Biopsies will be mandatory depending on feasibility of obtaining tissue.
• Measurable disease defined as: At least 1 lesion of >=10 mm in the longest
diameter for a non lymph node or >=15 mm in the short-axis diameter for a lymph
node that is serially measurable according to Response Evaluation Criteria in
Solid Tumors for immunotherapy (iRECIST) using computerized tomography/magnetic
resonance imaging (CT/MRI) and will not be used for on-study paired biopsies.
• Eastern Cooperative Oncology Group Performance Status (ECOG PS) of 0-1.
• Adequate hematologic function as defined by:
- Absolute neutrophil count >= 1500/µL.
- Platelet count >=175.000/µL.
- Hemoglobin >= 9.0 g/dL (transfusion and growth factor independent).
- Prothrombin time/international normalized ratio (PT/INR) and partial
thromboplastin time (PTT) <=1.5 × upper limit of normal (ULN).

Exclusion Criteria

• History of severe hypersensitivity reactions to other monoclonal antibodies.
• Prior treatment with:
- Any chemotherapy, anticancer small molecule therapy or investigational drug
or device within 14 days or 5 half-lives (whichever is longer) prior to study
treatment administration.
- Biological agents (including monoclonal antibodies) within 28 days prior to
study treatment administration.
- Radiation, within 14 days prior to study treatment administration.
- Treatment with nitrosoureas or mitomycin C require a 42-day washout prior to
study treatment administration.
- Anti-CD40 antibody or with FMS-like tyrosine kinase 3 ligand (FLT3L).
- KBA1412.
• Major surgery or significant traumatic injury within 4 weeks prior to study
treatment administration.
• Excluding the primary tumor leading to enrollment in this study, any other
active malignancy (except for definitively treated melanoma in-situ, basal or
squamous cell carcinoma of the skin, or carcinoma in-situ of the bladder or
cervix) within 24 months prior to study treatment administration.
• Primary central nervous system (CNS) malignancy.
Patients with stable CNS metastases post radiotherapy and no longer receiving
corticosteroids prior to study treatment administration, may be considered for
this study.
• Use of immunosuppressive medications within 4 weeks or systemic
corticosteroids at doses exceeding 10 mg/ day (prednisone equivalent) within 2
weeks prior to study treatment administration.
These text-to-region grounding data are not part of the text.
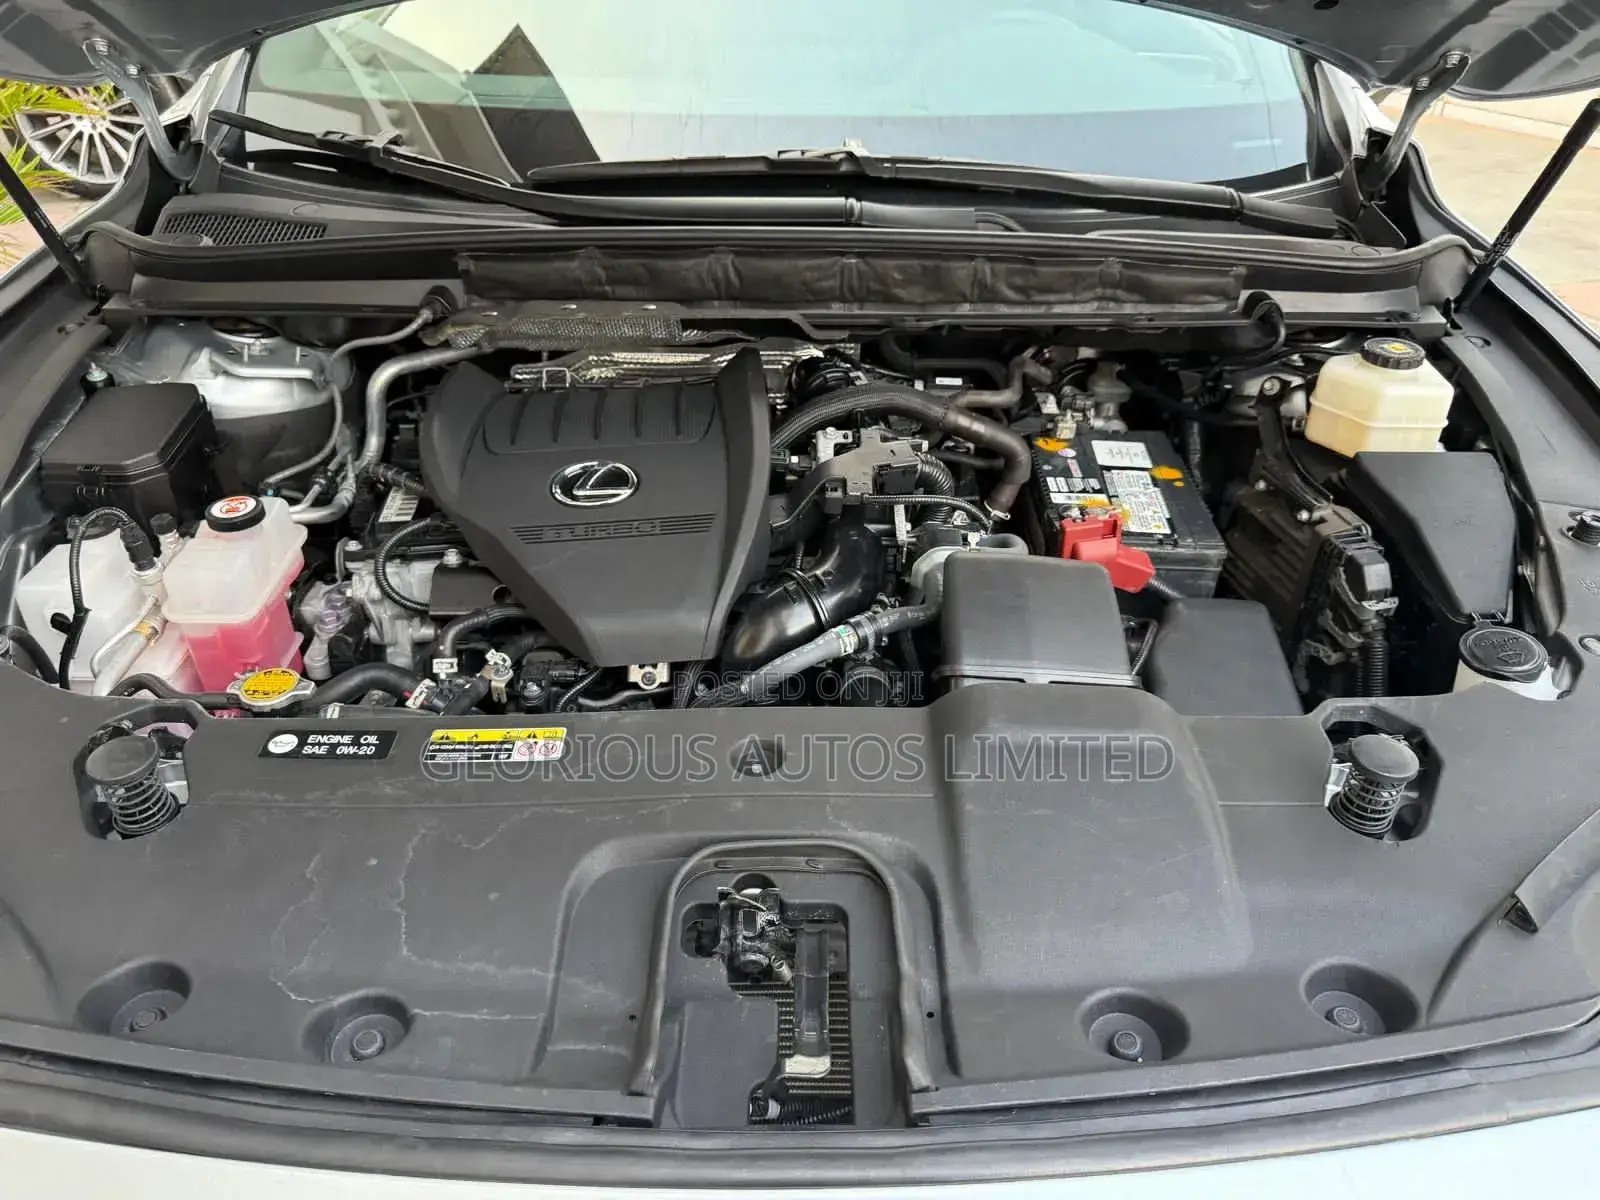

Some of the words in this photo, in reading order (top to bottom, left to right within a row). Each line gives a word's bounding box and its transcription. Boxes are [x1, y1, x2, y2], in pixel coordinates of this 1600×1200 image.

[543, 521, 660, 540] TURBO
[306, 735, 355, 744] ENGINE
[360, 735, 380, 744] OIL
[302, 745, 330, 754] SAE
[335, 745, 376, 755] 0W-20
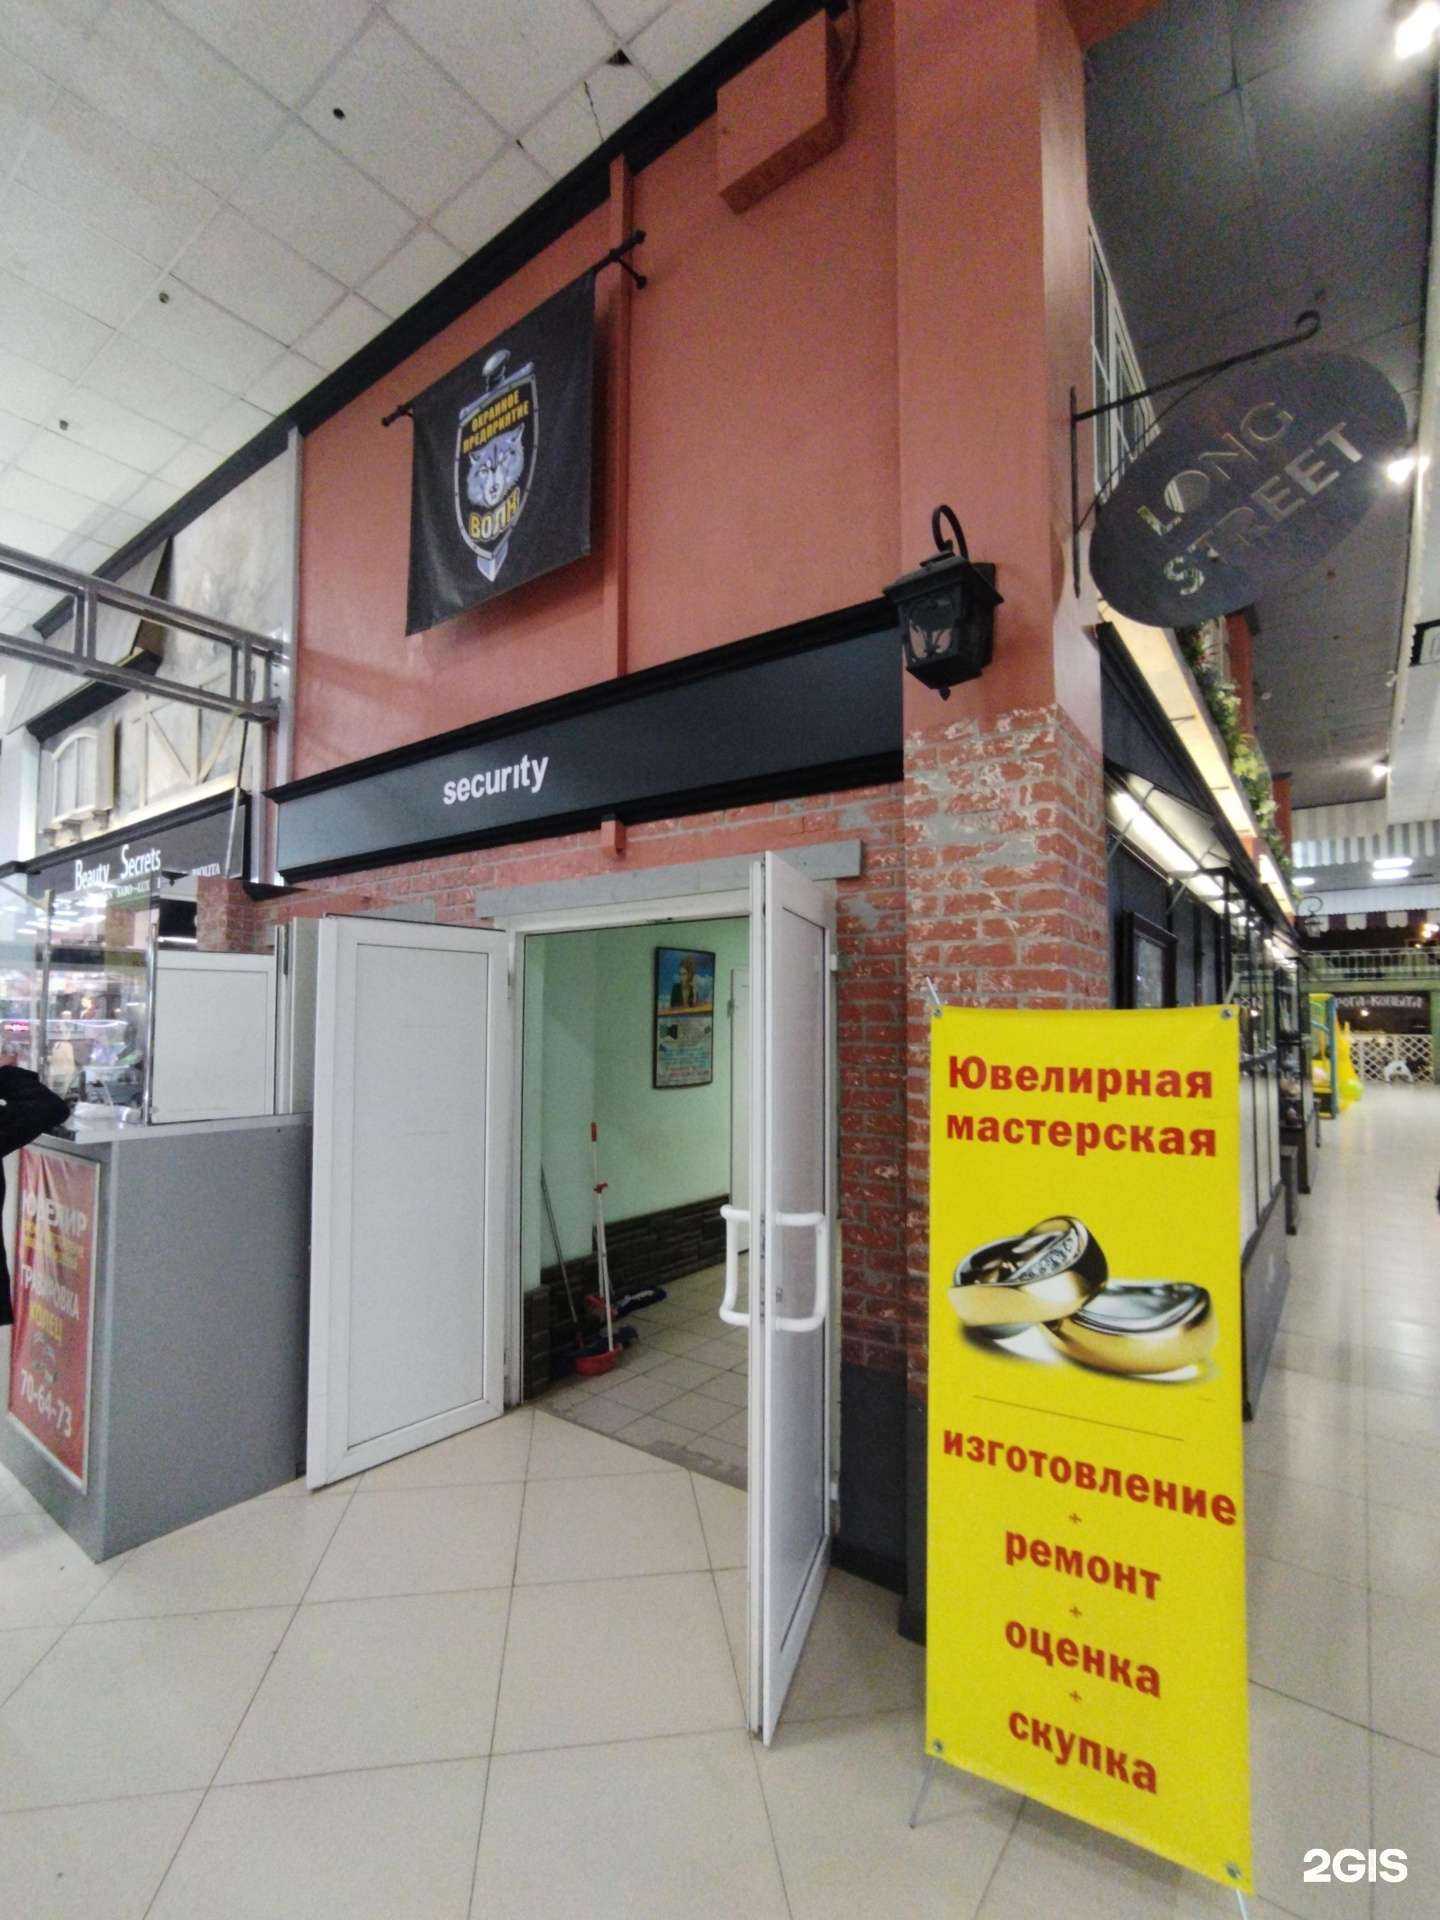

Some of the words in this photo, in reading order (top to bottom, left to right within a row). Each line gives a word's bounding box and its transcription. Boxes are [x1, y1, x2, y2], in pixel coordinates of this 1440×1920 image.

[463, 400, 529, 454] ПРЕДПРИЯТИЕ
[471, 389, 519, 432] ОХРАННОЕ
[1137, 402, 1295, 537] LONG
[1162, 421, 1364, 596] STREET
[443, 754, 549, 805] security
[75, 859, 110, 890] Beauty
[120, 844, 161, 879] Secrets
[949, 1055, 1213, 1103] Ювелирная
[946, 1114, 1217, 1157] мастерская
[22, 1190, 87, 1238] ЮЕЛИР
[21, 1368, 73, 1438] 70-64-73
[943, 1429, 1237, 1526] изготовление
[1005, 1530, 1161, 1601] ремонт
[1004, 1620, 1161, 1699] оценка
[1008, 1711, 1157, 1794] скупка
• Active autoimmune disease that has required systemic treatment within 2 years
prior to study treatment administration.
• Clinically significant cardiovascular disease, e.g., cerebral vascular
accident/stroke or myocardial infarction, within 6 months prior to study
treatment administration, unstable angina, congestive heart failure (New York
Heart Association [NYHA] Class >=III), or unstable cardiac arrhythmia requiring
medication.
• History of a major bleeding event (requiring a blood transfusion of >2 units)
not related to a tumor within 12 months prior to study treatment administration.
• History of clinically significant coagulation or platelet disorder or a
history of being refractory to platelet transfusions within 12 months prior to
study treatment administration.
• Receiving or requiring anticoagulation therapy or any drug or herbal
supplements that affect platelet function, with exception of low-dose
anticoagulation medications that are used to maintain the patency of a central
IV catheter. Enrolment of a patient is allowed 2 weeks after stop of use of
anticoagulation therapy or medications.